Another arresting erotic image by the master Surrealist photographer, Man Ray. I cannot accurately determine the date it was taken, however as it features his lover Juliet Browner (and later wife, they were married in a dual ceremony with Max Ernst and Dorothea Tanning in Beverly Hills in 1946) and Margaret Nieman who was his neighbour in Los Angeles during the early 1940’s, 1942 would seem to be the likeliest year.
Man Ray frequently photographed his lovers in embraces with other women, notably Lee Miller and her room-mate Tanja Ramm (though not the photograph of Lee and Tanja having breakfast in bed, that was taken by Lee’s father) and later, Ady Fidelin with the ultimate Surrealist muse Nusch Eluard.
The totem-like masks were designed by Man Ray himself and certainly add an aura of strangeness and animalistic carnality to the scene. In the early 30’s in Paris, Man Ray had become involved with the Lost Generation American travel writer and occultist William Seabrook and had photographed several of Seabrook’s sadistic mise-en-scene involving masks. Seabrook’s sexual proclivities were also the subject of the extremely unsettling essay by Michel Leiris, The ‘Caput Mortuum’ or the Alchemist’s Wife, published in Georges Bataille magazine Documents.
As regulars visitors will know, I have an unending fascination with the romance and creative collaboration between Man Ray and Lee Miller. I recently discovered this wonderful and wittily titled photograph of Lee taken by Man Ray in The Lives of Lee Miller written by her son Antony Penrose.
Man Ray work frequently featured the technique of light patterns upon the body and face, a striking way to render the familiar unfamiliar and by doing so adding an extra erotic allure, which was the essence of the Surrealist attitude to desire.
When British Vogue sent staff over to Man Ray’s Montparnasse studio in 1929 they were greeted by his new assistant, who was also doubling up as his receptionist, Lee Miller. She was ‘…a vision so lovely they forgot why they had come.’
Lee Miller had left her very successful modelling career in New York at the age of 21 to become a photographer in Paris, then the centre of the art world. She had set her sights on learning the craft from her fellow American, the pioneering photographer, film-maker and painter Man Ray. Approaching him in a cafe she told him her name and that she was his new student. Man Ray answered that he didn’t take students and besides he was going to Biarritz the next day. Miller answered that is where she was going too. Man Ray, unsurprisingly, was captivated and they did indeed go to Biarritz, the start of an incredibly intense artistic and romantic relationship.
Man Ray soon realised her talent and their artistic relationship was reciprocal. It was Miller who, by letting in the light on the darkroom, discovered the technique of solarization (see Dreams of Desire 31 (Solarization)) that became a Man Ray trademark. In fact it is hard sometimes to distinguish their work from this period apart, as Miller herself commented, “We were almost the same person when we were working.”
Self Portrait is from the period immediately after the bitter break-up of 1932 (see Dreams of Desire 12 (The Lovers)). The classical pose generates a muscular tension that accentuates her astounding beauty. As an aside, there exists a brand of champagne glass shaped from a mould of Miller’s left breast.

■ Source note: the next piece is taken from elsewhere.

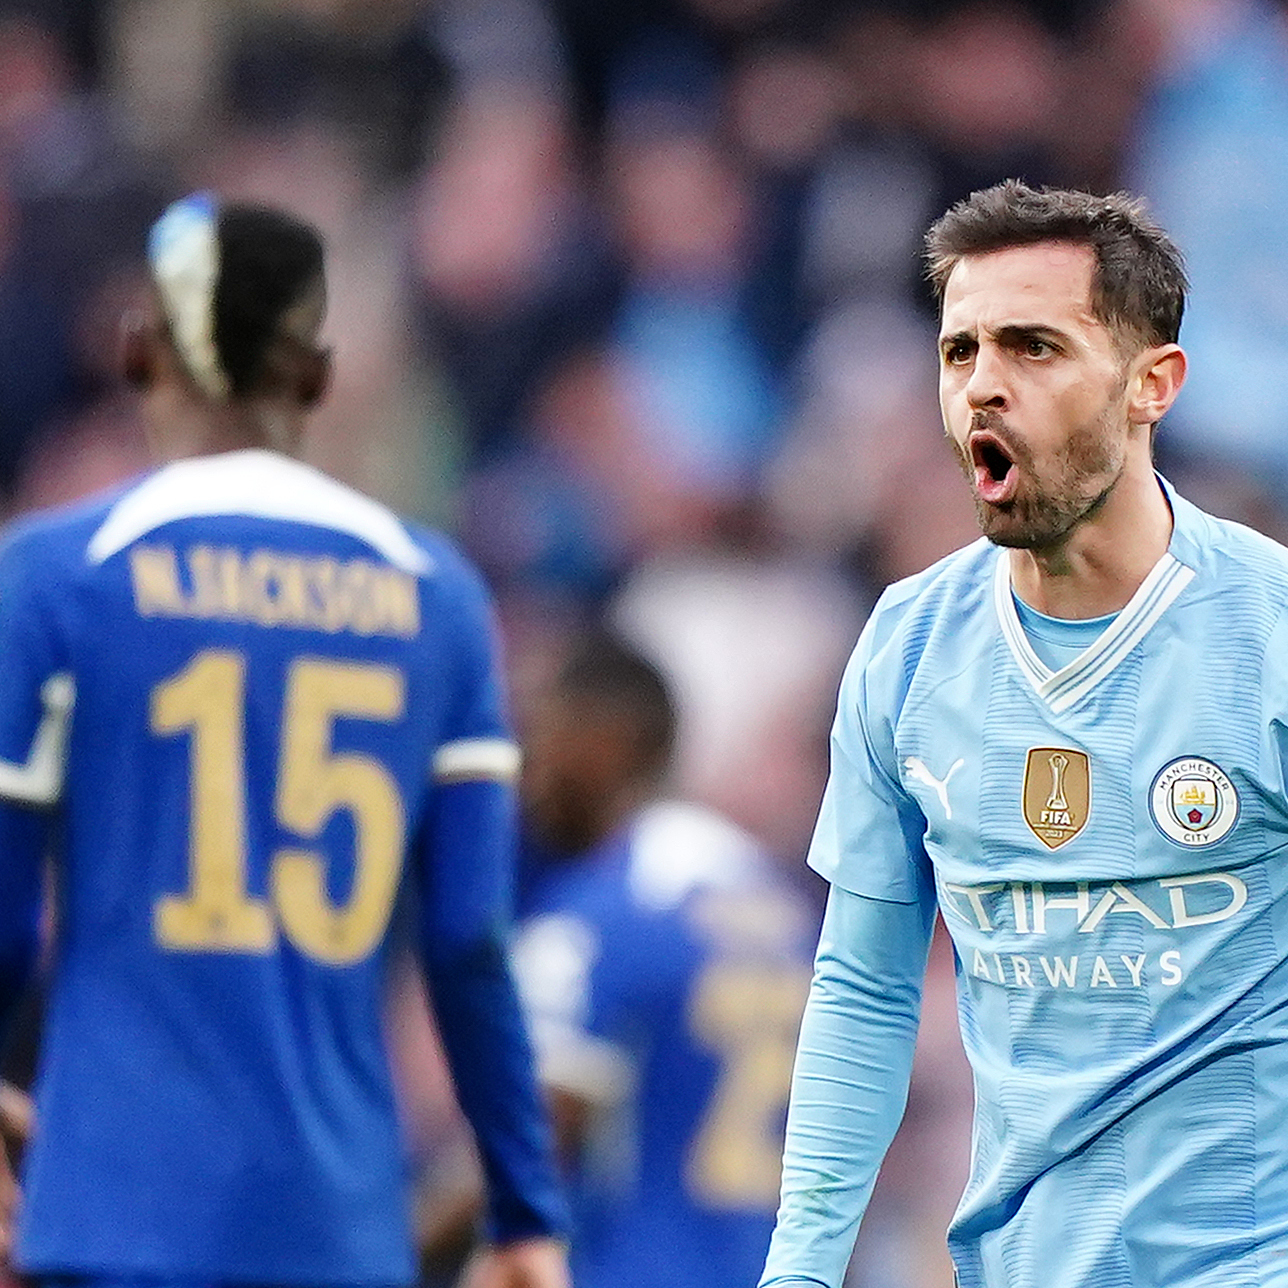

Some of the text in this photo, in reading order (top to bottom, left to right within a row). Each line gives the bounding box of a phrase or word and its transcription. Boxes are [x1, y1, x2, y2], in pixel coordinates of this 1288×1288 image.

As a young girl the British surrealist Eileen Agar travelled from her birthplace of Buenos Aires to England on a luxury liner accompanied by a cow and an orchestra. Her wealthy American mother believed that milk and music were essential in a child’s development and therefore had made the necessary arrangements so that she wasn’t deprived of them on the long ocean voyage.

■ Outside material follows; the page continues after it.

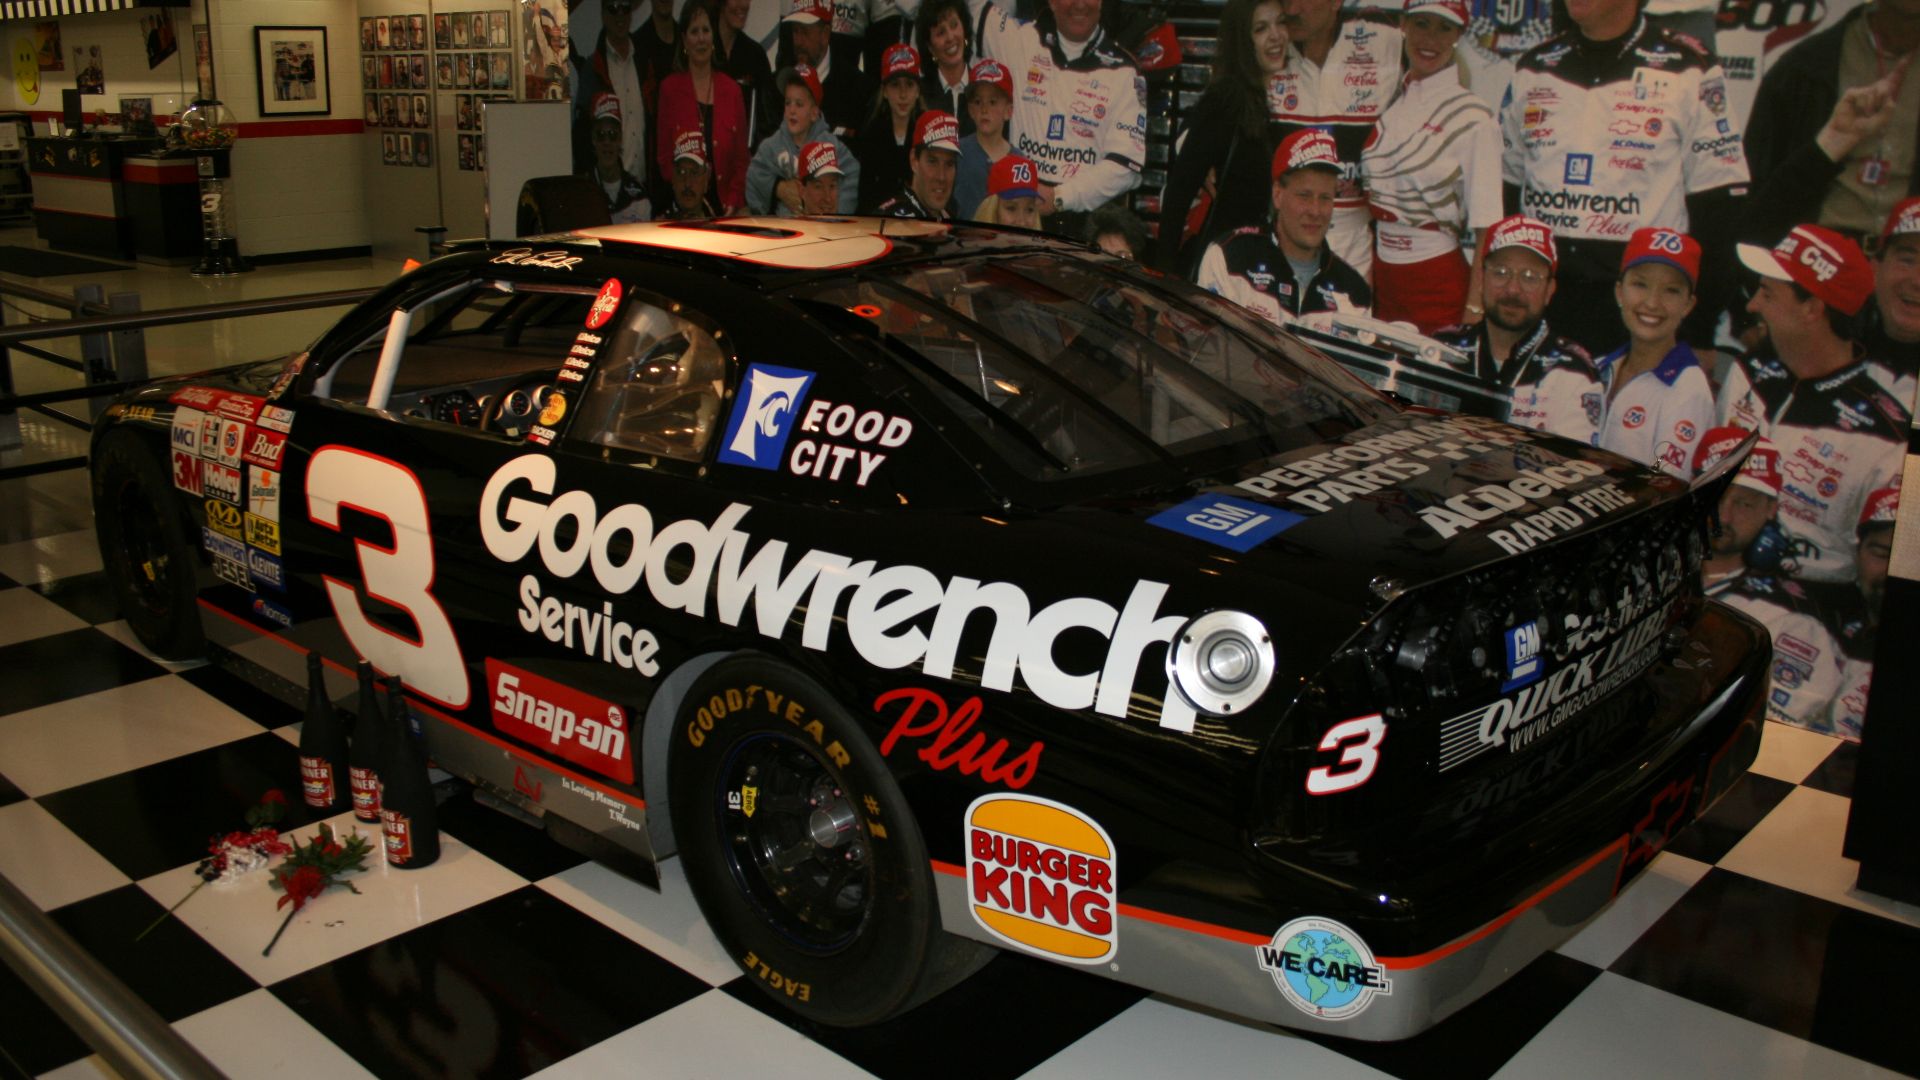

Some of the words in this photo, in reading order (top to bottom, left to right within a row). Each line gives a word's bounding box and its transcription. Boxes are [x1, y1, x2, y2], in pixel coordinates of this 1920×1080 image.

After such a childhood it is no surprise that Eileen Agar belonged to the Surrealist movement. She had first met Andre Breton with her future husband, the Hungarian Jewish writer Joseph Bard in Paris in 1928 and was a member of the London Group from 1934.She was the only British woman artist to be featured in the International Surrealist Exhibition at the New Burlington Galleries in 1936 ( see John Deth) where she had a total of three paintings and five objects displayed. She had a passionate affair with the Surrealist artist Paul Nash and holidayed with Picasso, Dora Maar, Roland Penrose, Lee Miller (who photographed her several times, see Surrealist Women: Lee Miller), Nusch Eluard and the poet Paul Eluard, with whom she had a brief and intense fling with.
As well as being a painter, Agar experimented successfully with collages, ready-made and found objects; and was also a photographer, hat-maker and a writer. She exhibited with the Surrealists in New York, Amsterdam and Tokyo as well as having numerous one-women shows in the U.K. She published her autobiography A Look At My Life at the age of 89 in 1988. She died in 1991 at the age of 91.
Below is her masterpiece The Autobiography Of An Embryo from 1933-1934, which was acquired by the Tate Gallery for its permanent collection in 1989.
Although the immediate impression is that the shoulders are at the bottom edge with the buttocks towards the top, it could also be argued that the reverse is in fact the reality; which makes Miller’s photograph a excellent illustration of the Surrealist principle of questioning perception.